# AIM OF THE EXERCISE:
Without reproducing any picture, copy the records word for word.

# ENTRIES SHOWN:
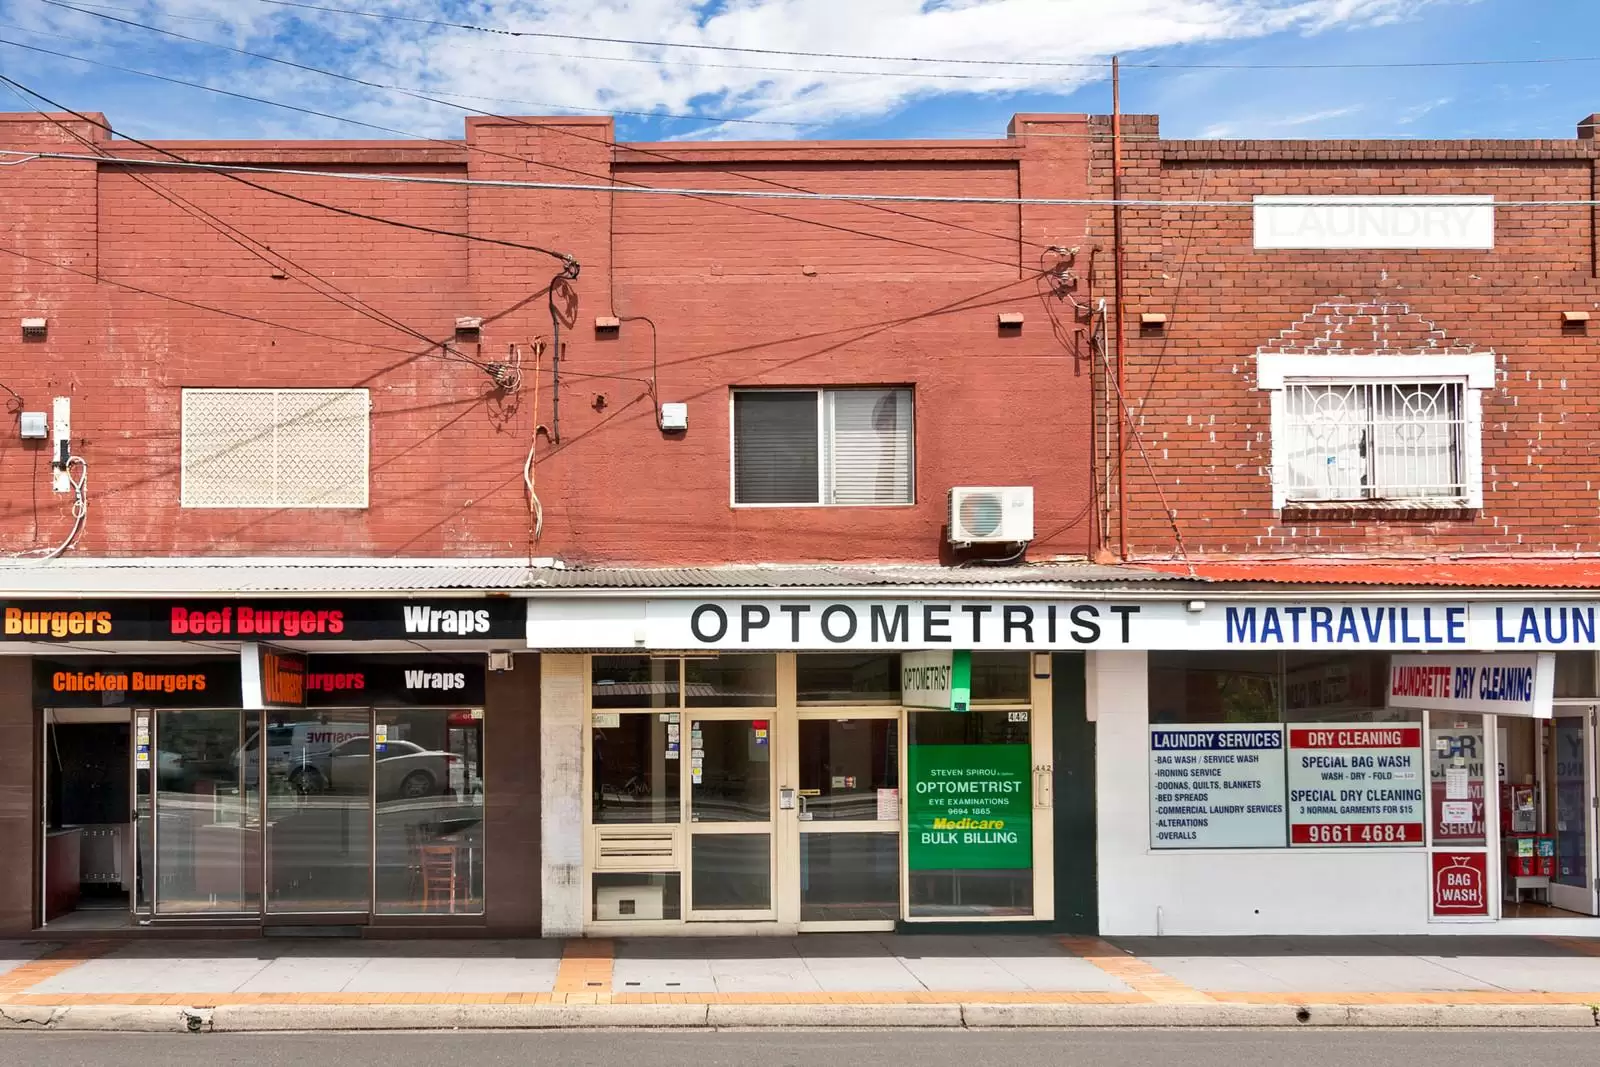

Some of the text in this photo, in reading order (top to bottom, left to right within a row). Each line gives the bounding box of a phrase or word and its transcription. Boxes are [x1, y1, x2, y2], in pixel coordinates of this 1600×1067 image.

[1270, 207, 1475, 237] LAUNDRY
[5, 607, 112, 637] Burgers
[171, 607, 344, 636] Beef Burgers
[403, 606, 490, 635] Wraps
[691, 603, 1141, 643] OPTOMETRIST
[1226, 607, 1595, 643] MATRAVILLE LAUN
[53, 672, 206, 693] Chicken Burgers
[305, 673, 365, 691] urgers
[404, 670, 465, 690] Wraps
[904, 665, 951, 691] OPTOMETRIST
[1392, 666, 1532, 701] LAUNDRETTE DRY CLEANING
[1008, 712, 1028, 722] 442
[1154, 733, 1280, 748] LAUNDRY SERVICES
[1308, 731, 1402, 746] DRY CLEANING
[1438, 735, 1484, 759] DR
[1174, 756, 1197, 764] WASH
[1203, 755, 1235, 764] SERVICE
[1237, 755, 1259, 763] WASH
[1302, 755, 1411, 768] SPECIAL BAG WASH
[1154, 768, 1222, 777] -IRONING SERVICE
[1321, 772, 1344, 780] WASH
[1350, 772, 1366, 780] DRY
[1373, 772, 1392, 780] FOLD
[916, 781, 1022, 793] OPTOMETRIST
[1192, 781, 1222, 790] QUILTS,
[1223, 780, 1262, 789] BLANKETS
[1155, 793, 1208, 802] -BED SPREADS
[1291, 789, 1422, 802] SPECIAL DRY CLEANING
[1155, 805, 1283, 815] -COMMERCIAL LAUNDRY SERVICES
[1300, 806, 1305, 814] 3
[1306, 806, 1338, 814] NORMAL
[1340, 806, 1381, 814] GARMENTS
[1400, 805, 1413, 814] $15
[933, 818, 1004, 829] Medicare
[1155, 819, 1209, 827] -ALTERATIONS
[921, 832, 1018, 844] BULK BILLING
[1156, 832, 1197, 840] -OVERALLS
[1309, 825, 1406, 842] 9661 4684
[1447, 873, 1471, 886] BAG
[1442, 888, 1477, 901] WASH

# ANSWER FOR THIS EXERCISE:
Some of the text in this photo, in reading order (top to bottom, left to right within a row). Each line gives the bounding box of a phrase or word and its transcription. Boxes are [x1, y1, x2, y2], in pixel coordinates of this 1600×1067 image.

[1270, 207, 1475, 237] LAUNDRY
[5, 607, 112, 637] Burgers
[171, 607, 344, 636] Beef Burgers
[403, 606, 490, 635] Wraps
[691, 603, 1141, 643] OPTOMETRIST
[1226, 607, 1595, 643] MATRAVILLE LAUN
[53, 672, 206, 693] Chicken Burgers
[305, 673, 365, 691] urgers
[404, 670, 465, 690] Wraps
[904, 665, 951, 691] OPTOMETRIST
[1392, 666, 1532, 701] LAUNDRETTE DRY CLEANING
[1008, 712, 1028, 722] 442
[1154, 733, 1280, 748] LAUNDRY SERVICES
[1308, 731, 1402, 746] DRY CLEANING
[1438, 735, 1484, 759] DR
[1174, 756, 1197, 764] WASH
[1203, 755, 1235, 764] SERVICE
[1237, 755, 1259, 763] WASH
[1302, 755, 1411, 768] SPECIAL BAG WASH
[1154, 768, 1222, 777] -IRONING SERVICE
[1321, 772, 1344, 780] WASH
[1350, 772, 1366, 780] DRY
[1373, 772, 1392, 780] FOLD
[916, 781, 1022, 793] OPTOMETRIST
[1192, 781, 1222, 790] QUILTS,
[1223, 780, 1262, 789] BLANKETS
[1155, 793, 1208, 802] -BED SPREADS
[1291, 789, 1422, 802] SPECIAL DRY CLEANING
[1155, 805, 1283, 815] -COMMERCIAL LAUNDRY SERVICES
[1300, 806, 1305, 814] 3
[1306, 806, 1338, 814] NORMAL
[1340, 806, 1381, 814] GARMENTS
[1400, 805, 1413, 814] $15
[933, 818, 1004, 829] Medicare
[1155, 819, 1209, 827] -ALTERATIONS
[921, 832, 1018, 844] BULK BILLING
[1156, 832, 1197, 840] -OVERALLS
[1309, 825, 1406, 842] 9661 4684
[1447, 873, 1471, 886] BAG
[1442, 888, 1477, 901] WASH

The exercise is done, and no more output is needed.